To recap Canada’s early 90’s critical fiscal situation and proactive policy response briefly:
- In 1994 gross government debt hit 101% of GDP
- The government’s budget deficit hit 9% of GDP
- Net debt was over 70% of GDP
- There were concerns about failures of Provincial debt auctions
- In 1994 Moody’s downgraded Canada’s Aaa foreign debt rating
- The Canadian Dollar was renamed the Canadian Peso
- Government spending as % of GDP had expanded from 15 to 23%
- Unemployment was rising
- The public sector workforce was bloated
- Entitlement/non discretionary spending was eating up an increased amount of declining tax revenues
The policy response was swift and decisive. When the fiscal tsunami finally hit in 1995 the policy makers were forced into action.

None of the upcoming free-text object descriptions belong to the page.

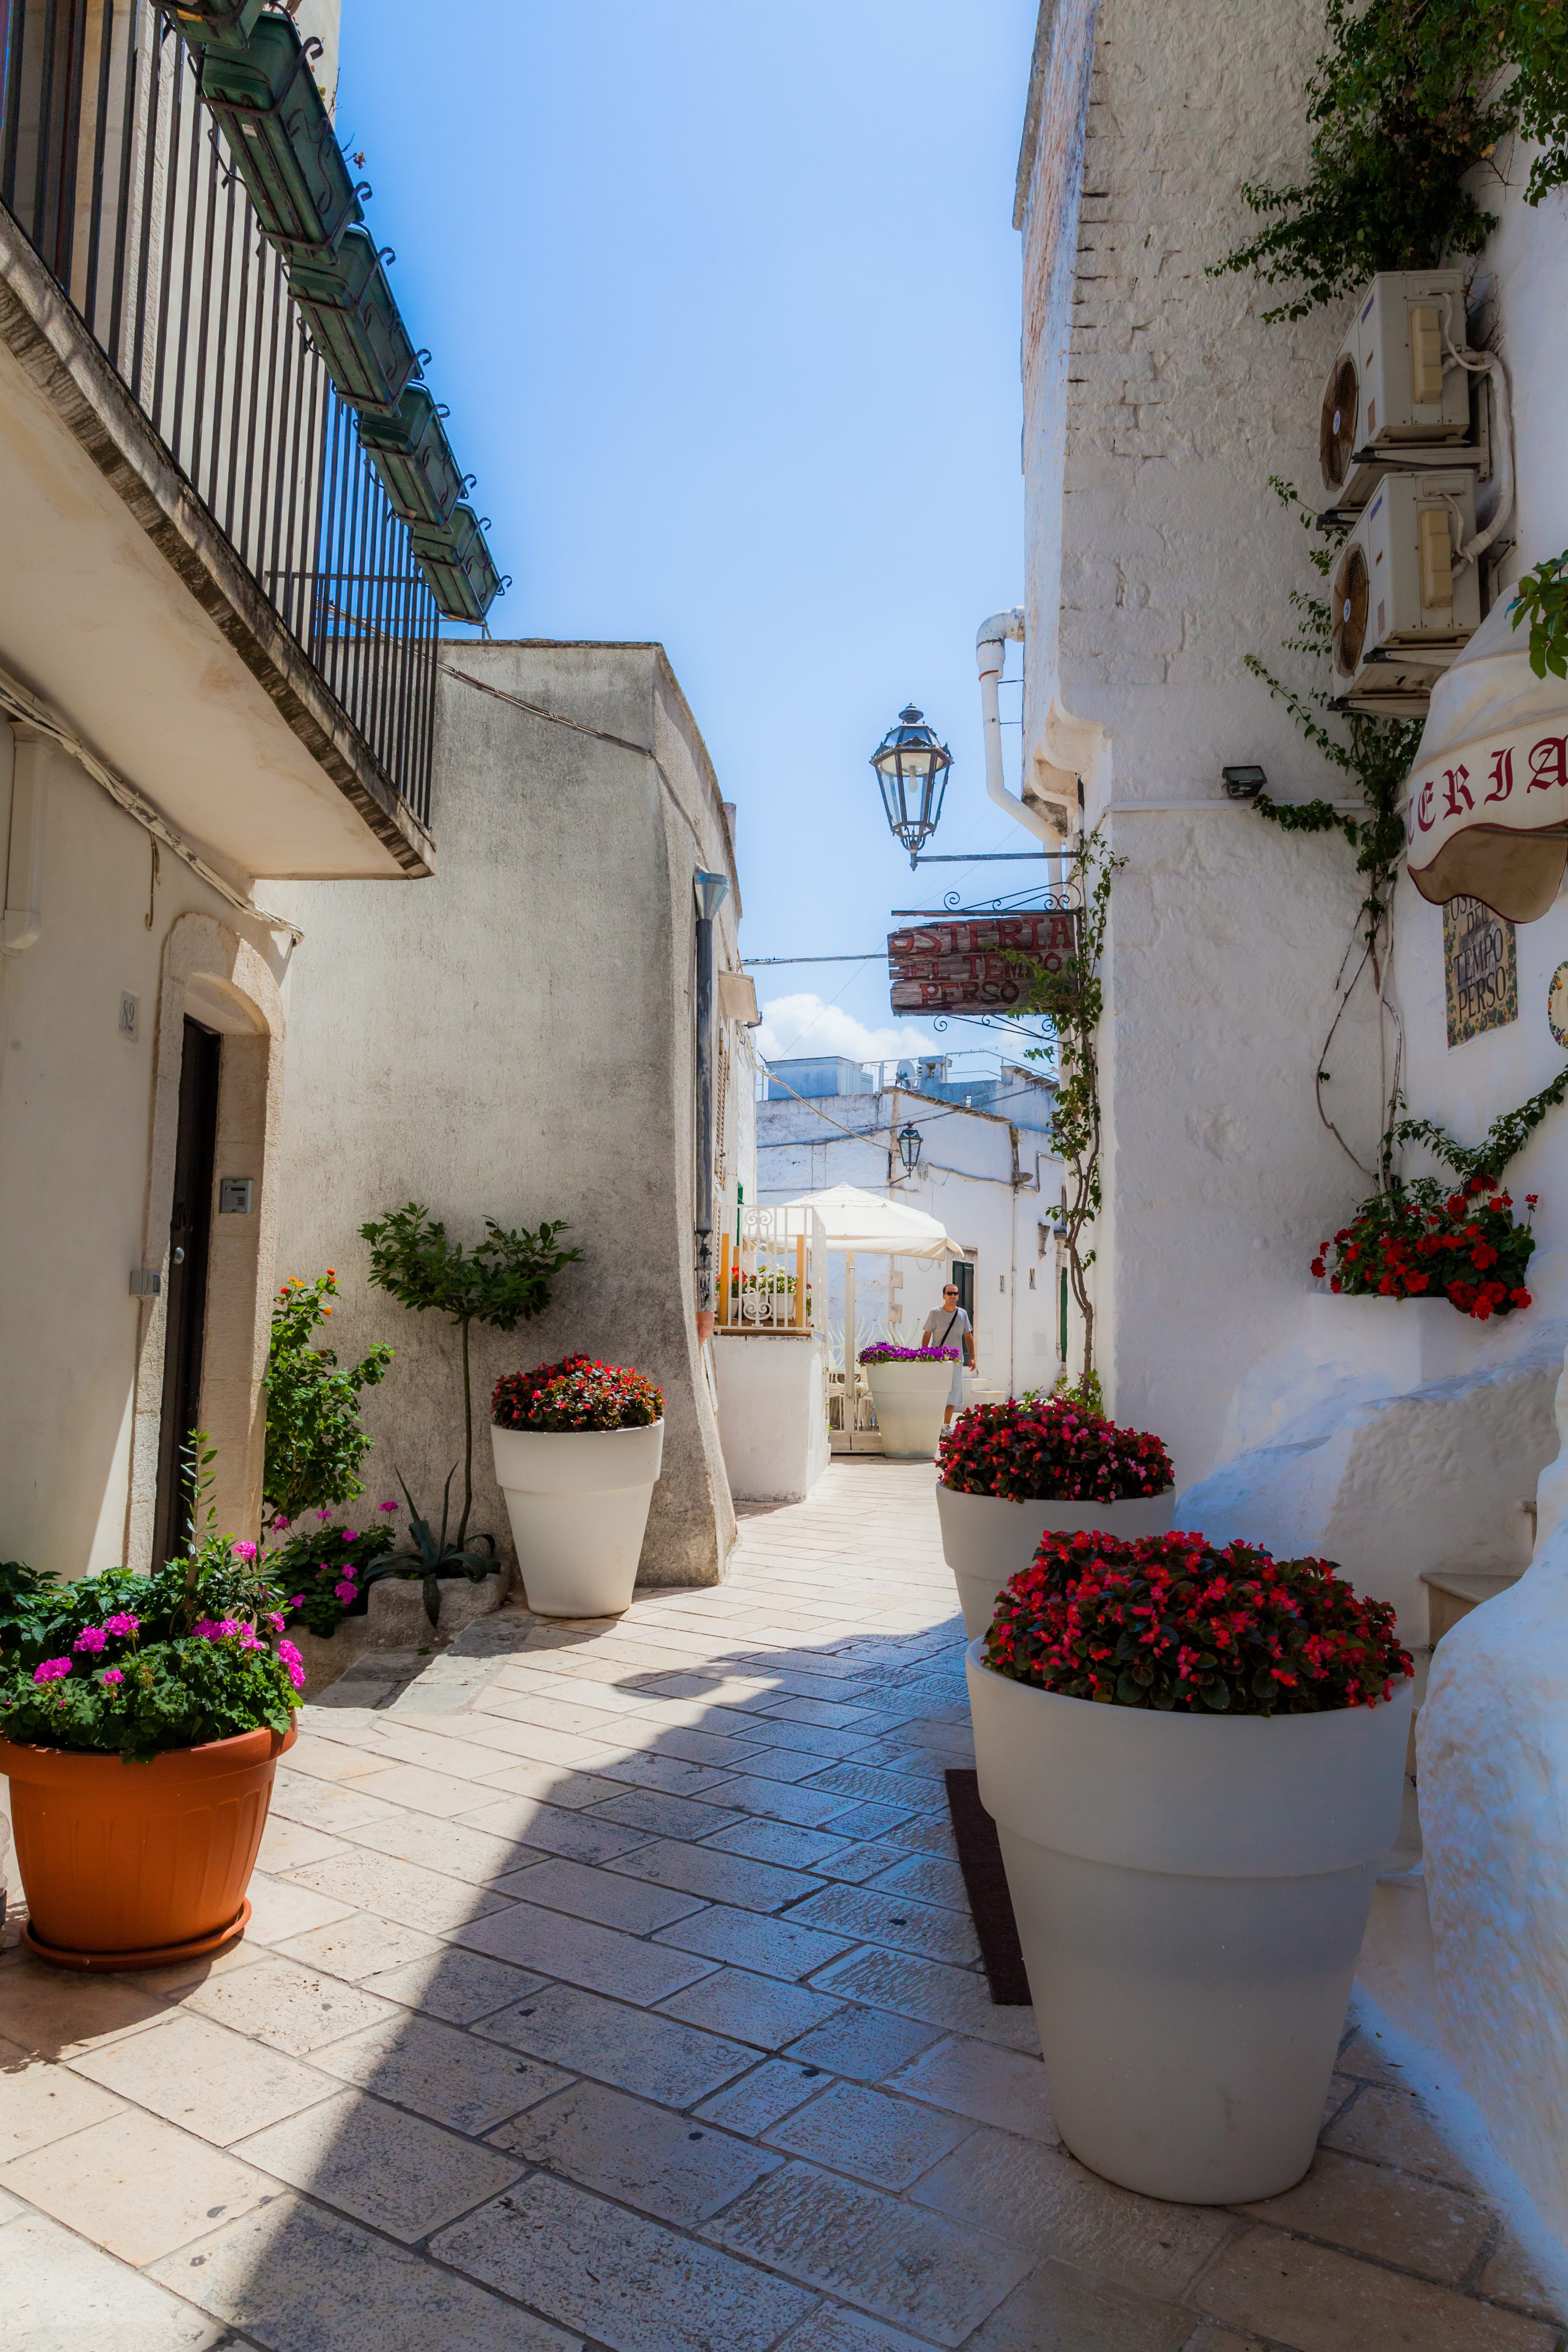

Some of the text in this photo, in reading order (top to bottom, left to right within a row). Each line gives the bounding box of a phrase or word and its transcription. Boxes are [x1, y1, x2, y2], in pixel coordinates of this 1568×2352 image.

[1467, 903, 1489, 935] DEL
[1453, 928, 1503, 986] TEMPO
[920, 980, 1019, 1004] PERSO
[1458, 966, 1506, 1023] PERSO
[122, 1000, 134, 1032] 82

Ironically the Liberal led government whose tax and spend policies had helped contribute to the crisis, passed an historic austerity budget. (They don’t deserve all of the blame for causing the crisis…their Conservative predecessors were just as culpable) In it Federal spending was cut by almost 10% over the next two years and federal employment roles were slashed by 14%. The government also committed to reform two formerly untouchable entitlement programs…welfare and the Canada Pension Plan (CPP). Over the next three years, working with the provincial governments, the CPP was reformed to include the investment of surplus contributions into equities and bonds, cut overly generous benefits and increased the contribution rate….all of the moves contributing to the future solvency of the fund.

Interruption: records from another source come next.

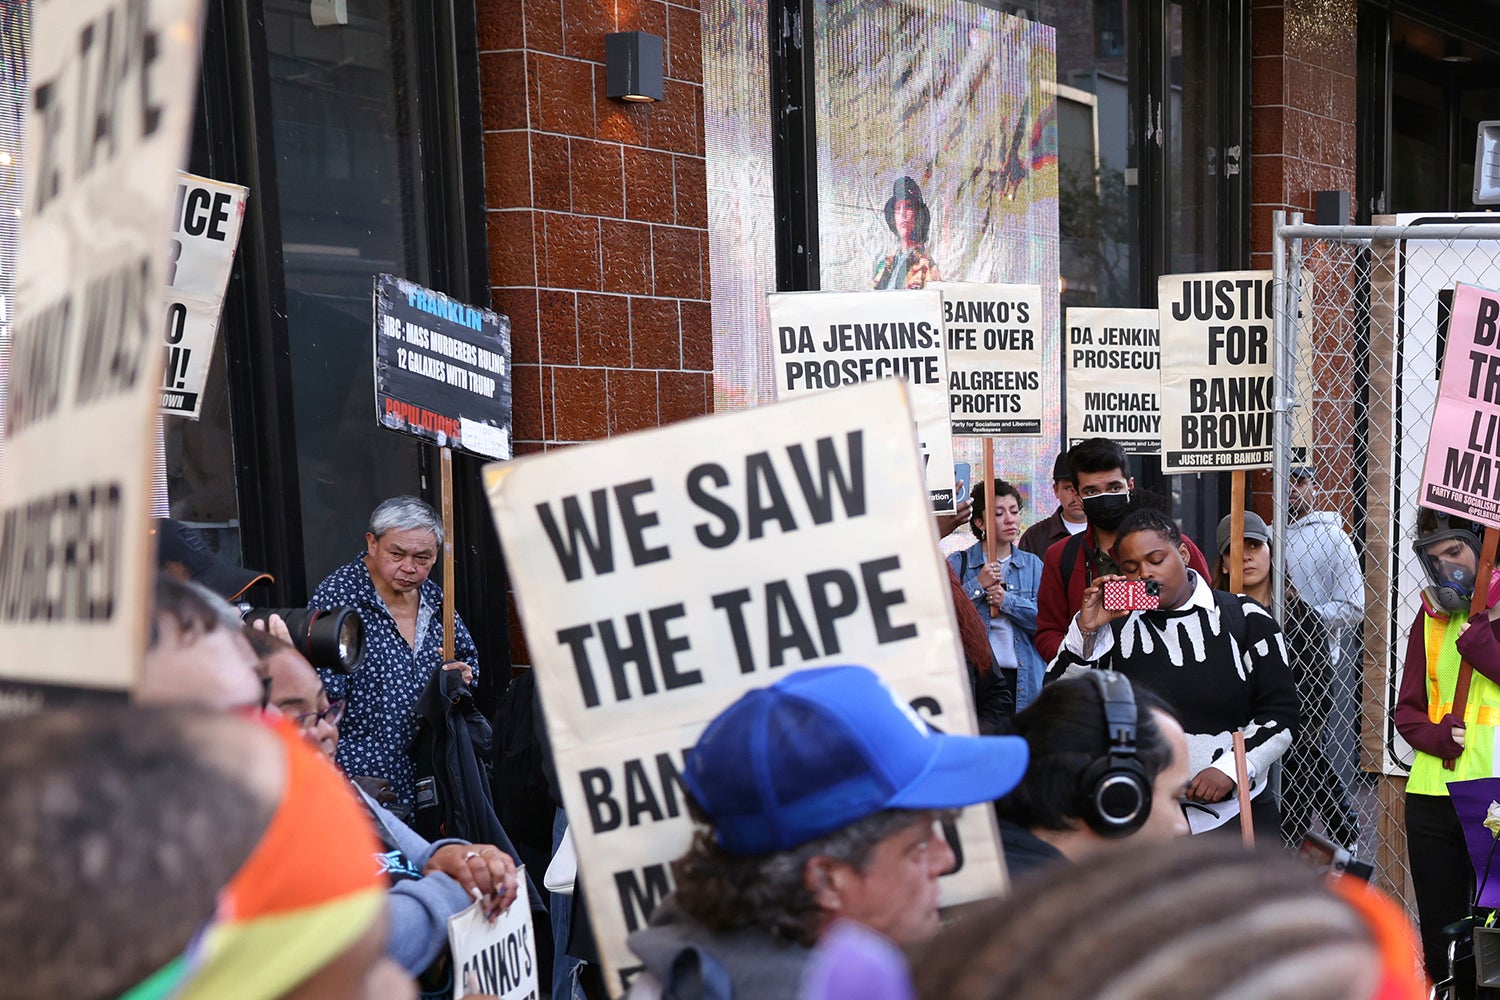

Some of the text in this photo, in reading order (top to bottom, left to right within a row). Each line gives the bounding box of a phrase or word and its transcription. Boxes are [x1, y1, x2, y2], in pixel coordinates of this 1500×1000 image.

[408, 288, 483, 332] FRANKLIN
[1172, 279, 1303, 321] JUSTIC
[406, 322, 430, 349] MASS
[431, 330, 477, 367] MURDERERS
[478, 348, 505, 375] RULING
[779, 321, 941, 354] DA JENKINS:
[948, 328, 1034, 351] IFE OVER
[1071, 327, 1160, 346] DA JENKIN
[1209, 325, 1267, 366] FOR
[397, 348, 495, 398] 12 GALAXIES WITH TRUMP
[786, 355, 939, 390] PROSECUTE
[1073, 350, 1160, 370] PROSECUT
[949, 371, 1040, 390] ALGREENS
[385, 398, 460, 439] POPULATIONS
[951, 393, 1022, 413] PROFITS
[1085, 393, 1159, 411] MICHAEL
[1083, 415, 1160, 433] ANTHONY
[1178, 453, 1213, 466] JUSTICE
[1215, 452, 1232, 465] FOR
[1233, 451, 1262, 465] BANKO
[537, 477, 671, 583] WE
[686, 430, 867, 549] SAW
[1431, 486, 1450, 500] PARTY
[1450, 491, 1463, 503] FOR
[1463, 494, 1497, 511] SOCIALISM
[557, 555, 918, 709] THE TAPE
[579, 745, 693, 834] BAN
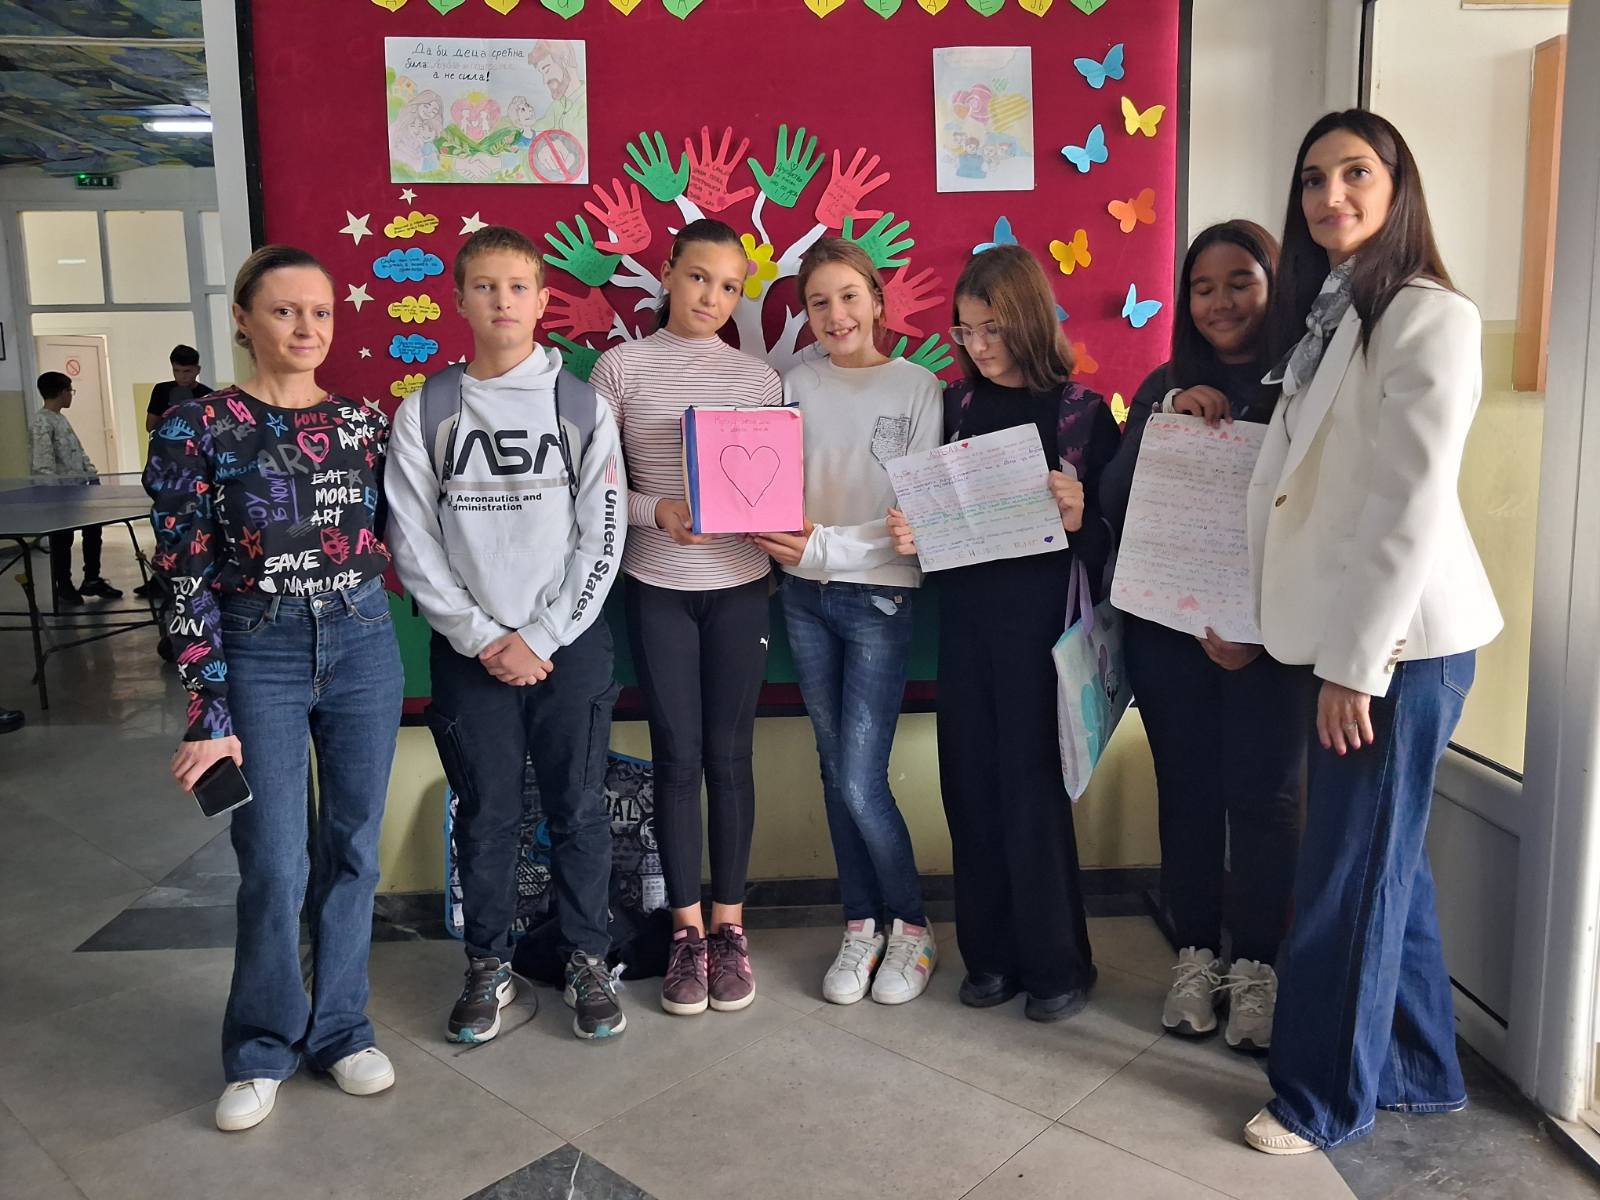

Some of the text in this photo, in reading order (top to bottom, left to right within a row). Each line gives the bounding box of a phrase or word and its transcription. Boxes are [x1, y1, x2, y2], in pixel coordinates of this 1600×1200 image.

[412, 42, 432, 56] Да
[436, 45, 448, 57] би
[294, 411, 328, 428] LOVE
[453, 430, 568, 475] ASA
[310, 469, 348, 485] EAT
[315, 486, 363, 507] MORE
[456, 494, 520, 503] Aeronautics
[523, 493, 542, 501] and
[310, 505, 344, 527] ART
[604, 490, 618, 557] United
[264, 549, 321, 574] SAVE
[283, 568, 363, 597] NATURE
[571, 560, 610, 622] States

In relative terms, the economic results were just as swift…and beneficial. By 1998 the federal government was in surplus and had reduced nearly $650bil of debt. The provincial governments had similar positive debt reduction experiences. Despite the naysayers suggesting that austerity budgets would lead to slower growth and lower employment… the exact opposite happened as the Canadian economy has thrived….which has helped to grease the skids toward meaningful tax reform. In 2001 the federal corporate income tax rate was cut and is now 18%, down from 28%….and the plan is to cut it more. From a competitive standpoint compare this to the US federal rate of 35%. Capital gains taxes have also been reduced twice to 14.5% and the national sales tax was also cut from 7 to 5%.

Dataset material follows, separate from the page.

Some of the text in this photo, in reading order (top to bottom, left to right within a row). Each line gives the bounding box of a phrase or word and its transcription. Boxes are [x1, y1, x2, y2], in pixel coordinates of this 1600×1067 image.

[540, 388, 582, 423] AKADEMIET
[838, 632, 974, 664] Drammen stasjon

Much of the Canadian fiscal crisis experience described above is similar to what the US is experiencing now. Some will argue that Canada had some external/global positive economic factors working in their favour that helped to expedite their quick recovery. For example:
- The global economy was in better shape than today, aiding Canada’s commodity based economy
- The weaker Canadian “peso” helped them export competitively
- The US economy…Their largest trading partner…via NAFTA…was booming
The key point for the reader to remember here is that Canadian policy makers were only forced into action after the crisis took hold…and when it hit…disregarding their myopic political ideologies…they did the right thing…their austerity led spending cut budget strategy was swift and decisive…and the positive economic performance since tells the rest of the story.
At this point…..as the US is about to hit the fiscal crisis wall I am reminded of the phrase “It Takes a Village”. Historically…Canada takes its name from the Iroquois word “Kanata” which translated means “village”…and so…from a US fiscal crisis response point of view and to paraphrase… in this crisis, it does “Take a (Canadian) Village” and I recommend (again) that US policy makers, in their efforts to get meaningful and lasting fiscal and budget reform, do indeed follow the Canadian example and “Take it”…to the limit!